:: EXERCISE DETAILS ::
Leave every image out, and print the remaining lines below exactly.
━━ GIVEN INFORMATION
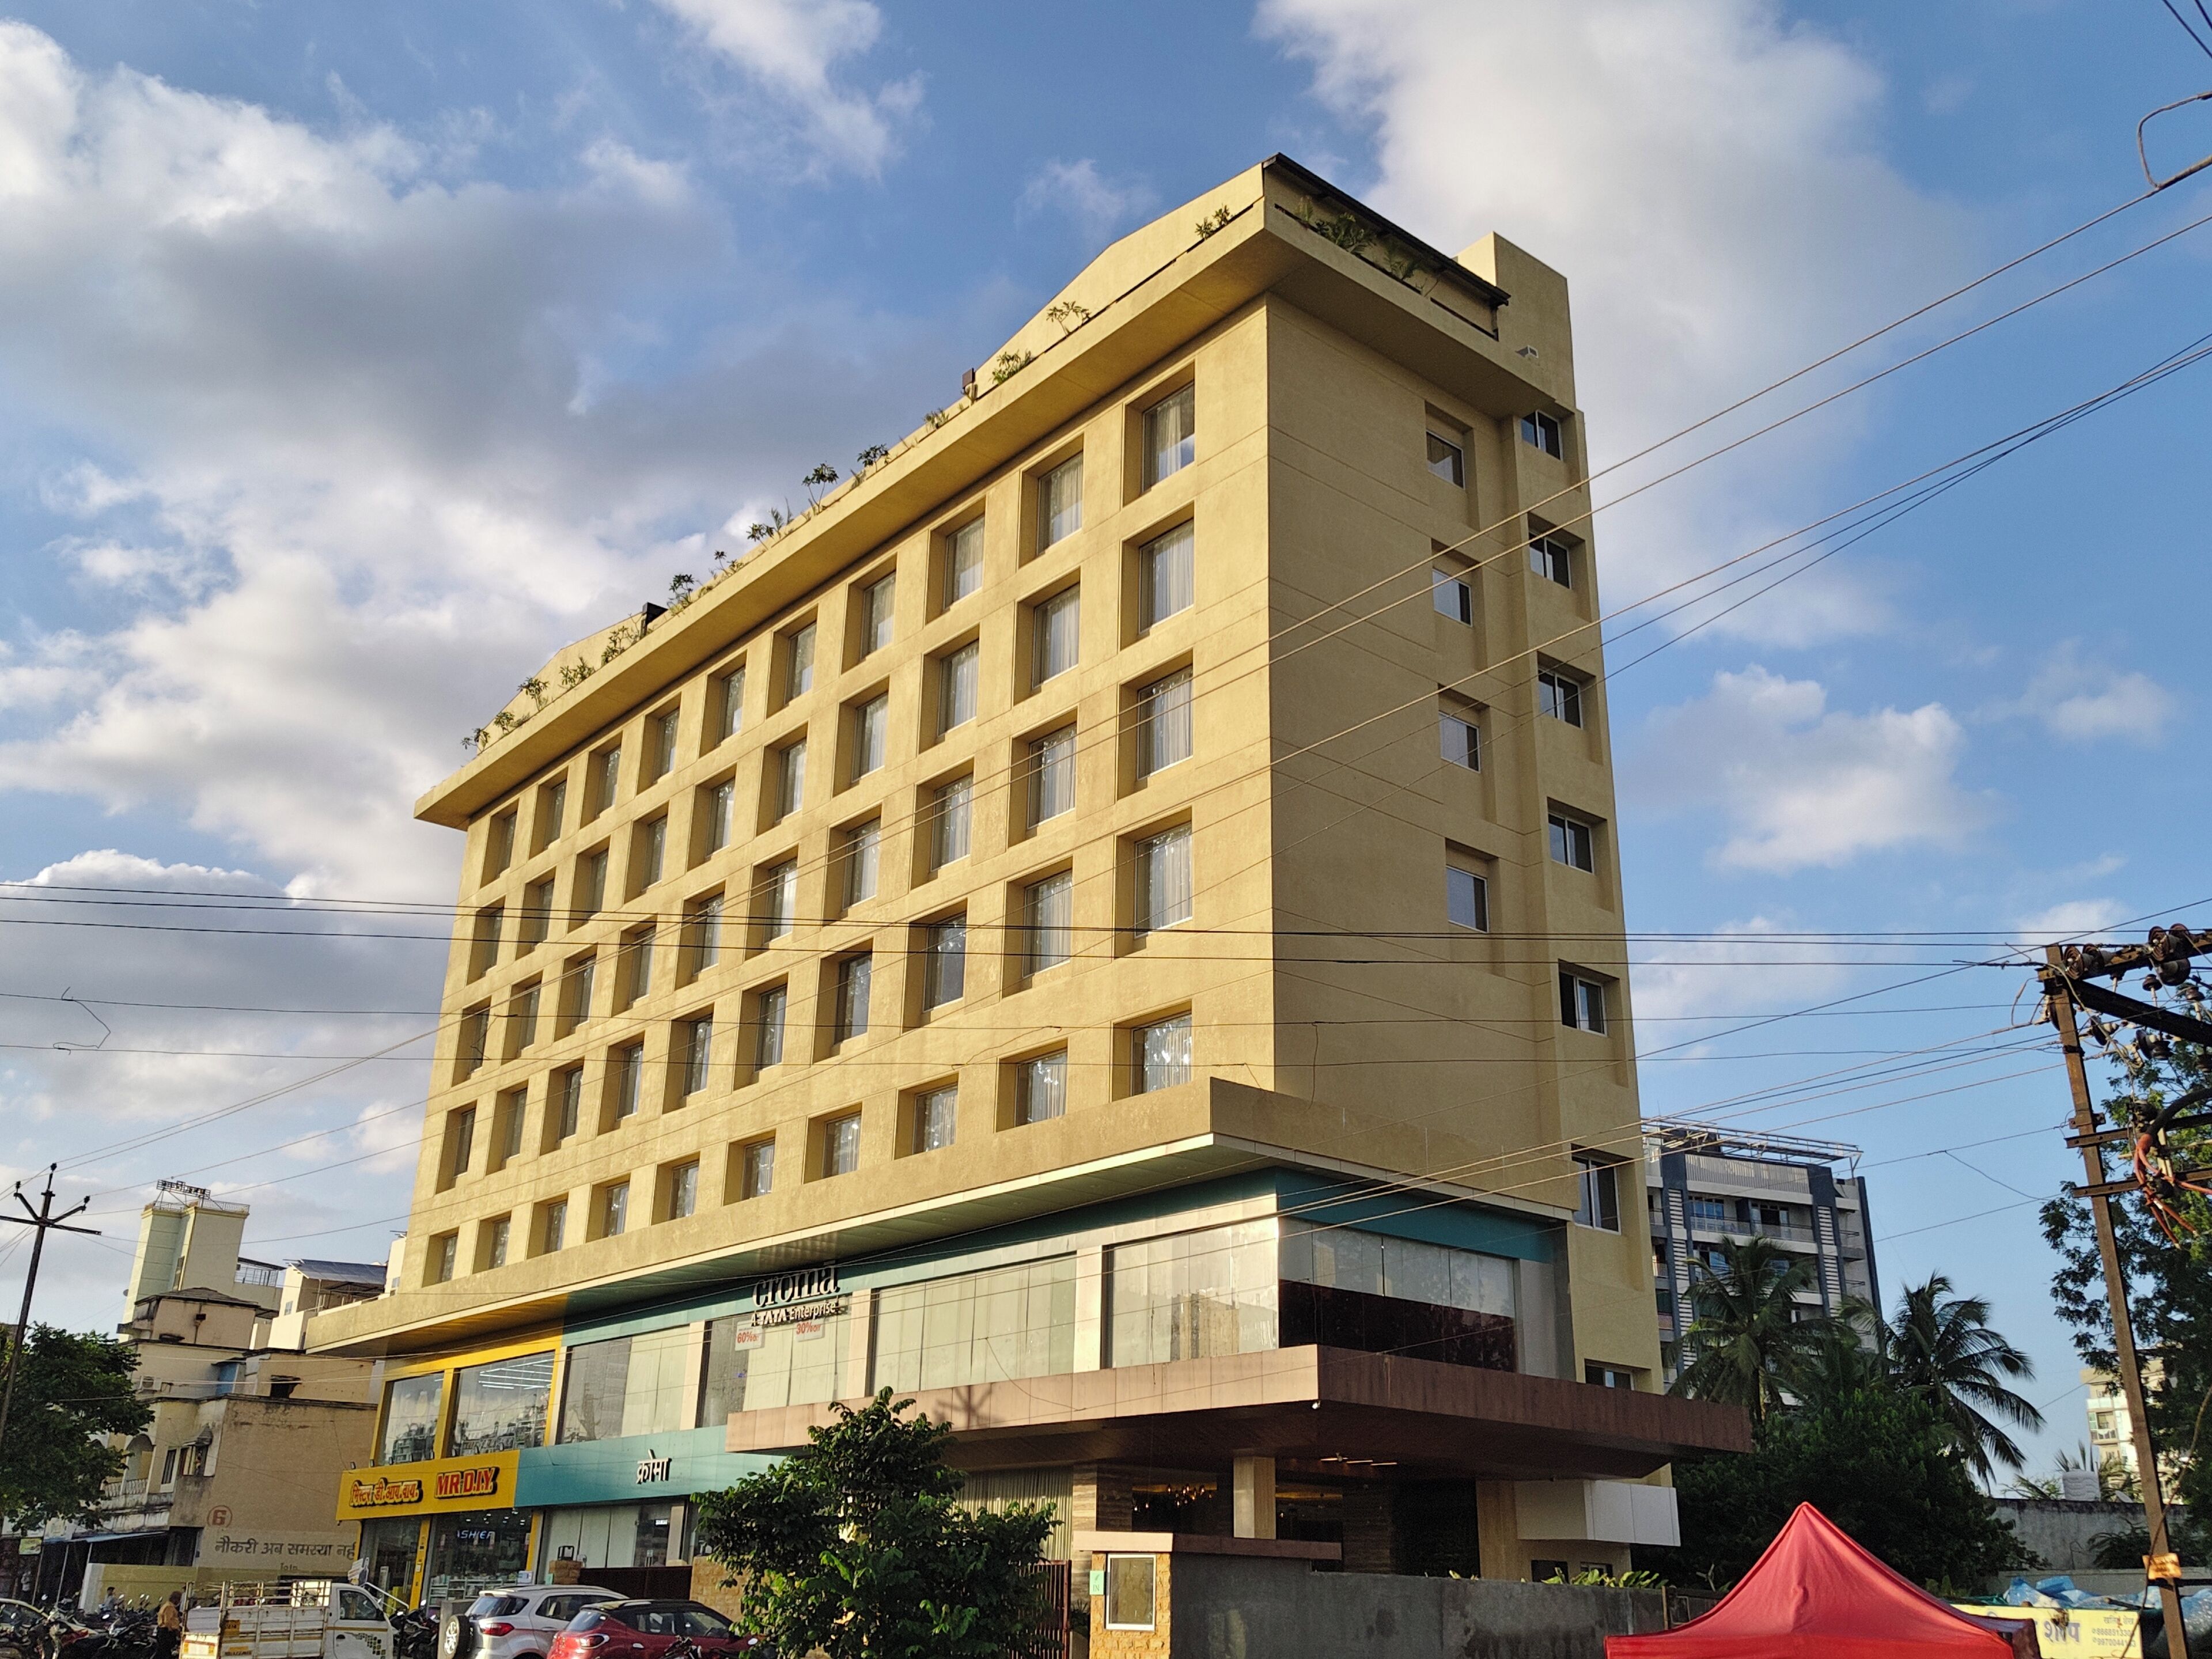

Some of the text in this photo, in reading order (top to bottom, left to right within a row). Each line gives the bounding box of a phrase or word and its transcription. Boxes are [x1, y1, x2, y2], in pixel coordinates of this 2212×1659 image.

[752, 1267, 838, 1308] croma
[751, 1301, 836, 1327] A TATA Enterprise
[636, 1449, 669, 1484] क्रोमा
[351, 1482, 372, 1504] मिस्टर
[215, 1535, 259, 1554] नौकरी
[261, 1542, 284, 1555] अब
[287, 1543, 334, 1556] समस्या
━━━━
:: PROBLEM SOLUTION ::
Some of the text in this photo, in reading order (top to bottom, left to right within a row). Each line gives the bounding box of a phrase or word and its transcription. Boxes are [x1, y1, x2, y2], in pixel coordinates of this 2212×1659 image.

[752, 1267, 838, 1308] croma
[751, 1301, 836, 1327] A TATA Enterprise
[636, 1449, 669, 1484] क्रोमा
[351, 1482, 372, 1504] मिस्टर
[215, 1535, 259, 1554] नौकरी
[261, 1542, 284, 1555] अब
[287, 1543, 334, 1556] समस्या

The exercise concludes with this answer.